My class played their instruments for the first time in the last week of August. They have been working on the notes of the D major scale for weeks. Most of this time with the same quarter note rhythm pattern. Half notes and eighth notes are a very recent addition. We're really just drilling the facts--like multiplication tables. As with any classroom, some students want to race ahead and others want to linger on the familiar songs. Let me tell you, the fact that tunes like "Jingle Bells", "Twinkle Little Star" and "Hot Cross Buns" all can be played with the notes of the D major scale has been a great motivator.
The biggest stumbling block for any student is reading music. Playing a stringed instrument is challenging enough--then you throw in note-reading? It's like learning a whole new language. In my private studio, I introduce most beginning violinists and violists to the Suzuki method which teaches music by rote. The method is geared towards very young students so we only tackle one new skill at a time. Fourth and 5th grade students have better developed muscle control and already know how to read so they can begin playing and reading at the same time.

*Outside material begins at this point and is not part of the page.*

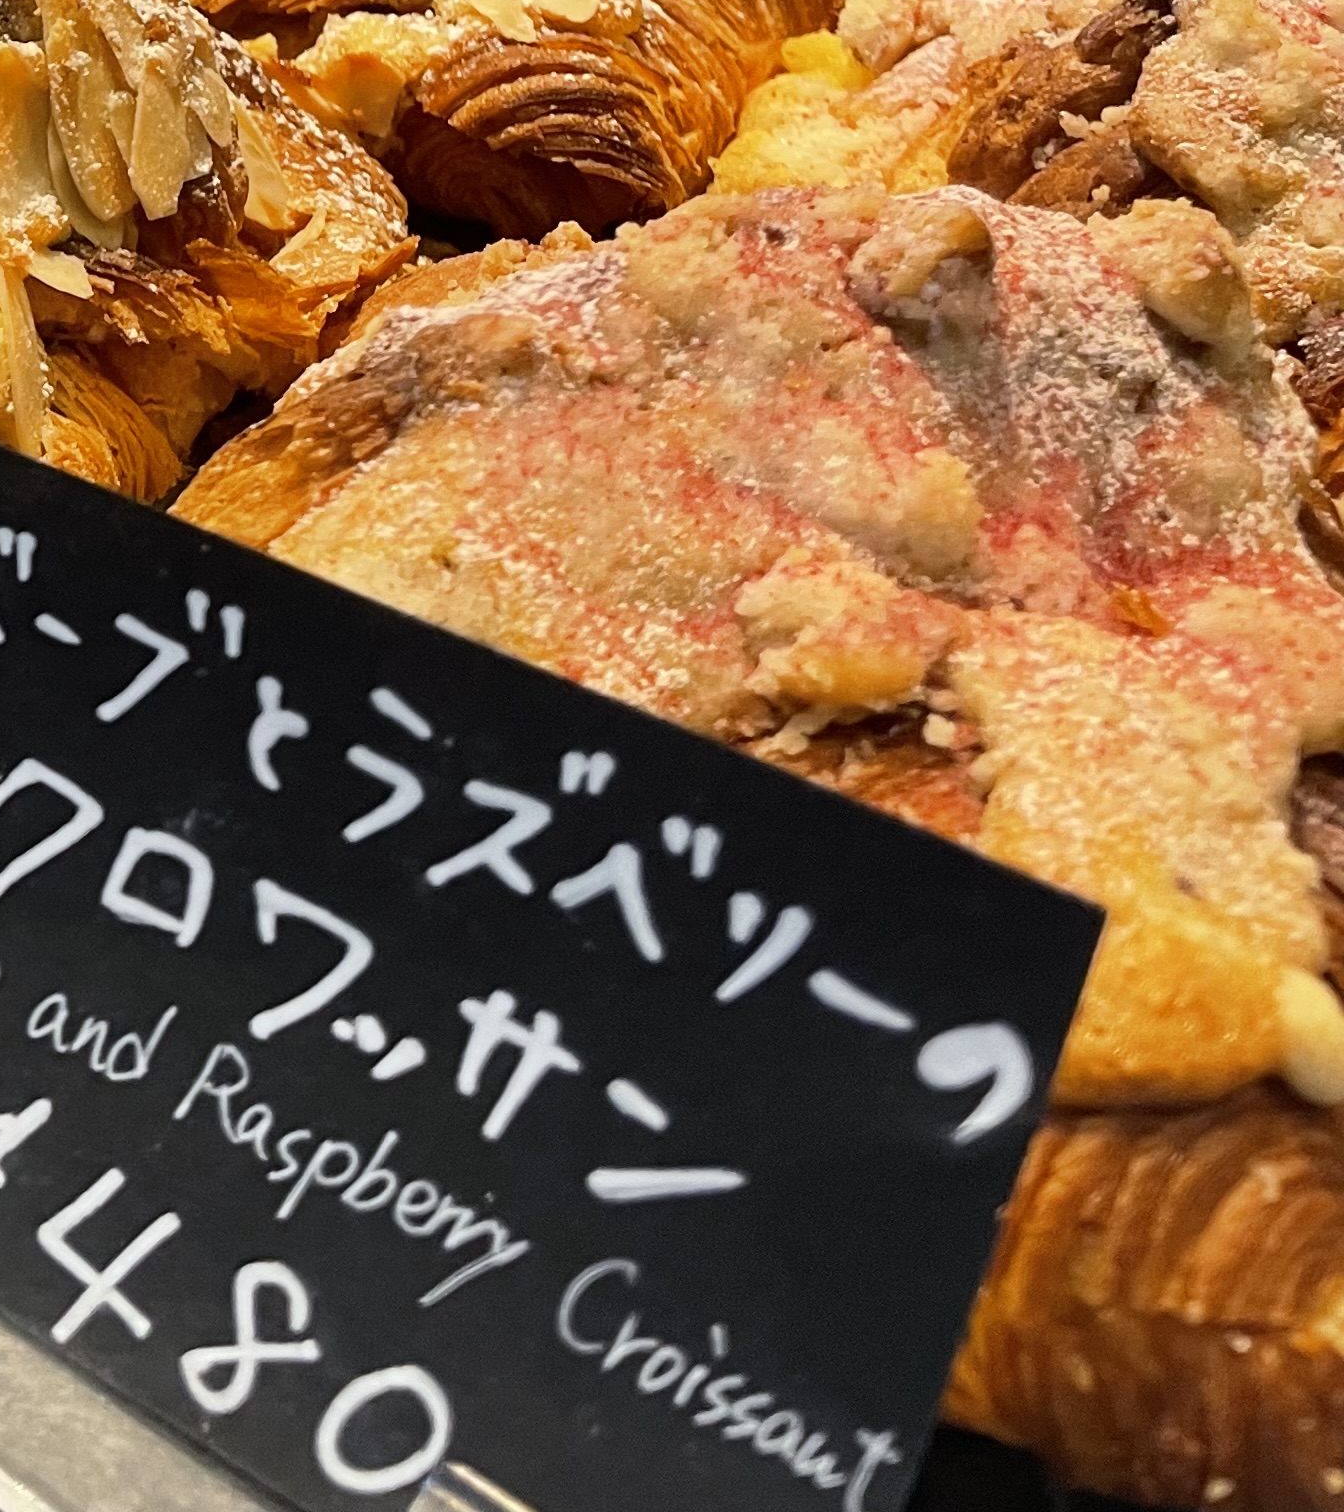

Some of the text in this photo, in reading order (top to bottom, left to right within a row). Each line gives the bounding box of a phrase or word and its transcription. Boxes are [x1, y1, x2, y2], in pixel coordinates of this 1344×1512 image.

[26, 993, 178, 1082] and
[173, 1042, 532, 1307] Raspberry
[555, 1257, 904, 1512] Croissant

It's a challenge for my orchestra students to focus attention on holding the bow while holding the instrument while reading notes on the page while listening to the teacher and all the classroom noise. It's an awful lot to filter. That's why I was eager to show my beginning orchestra students what they can do with their instruments right now--in spite of forgetting their books and forgetting how to find F#.
Last week I started the "Improv Experiment"--my name for this project. How is it working? Well, the best news of all is it seems to make the kids happy. No matter their level they can play and play together. I'm excited to see what will develop over the coming weeks. And I'm working on a plan to document their progress. Next time, I'll talk more about the details and results.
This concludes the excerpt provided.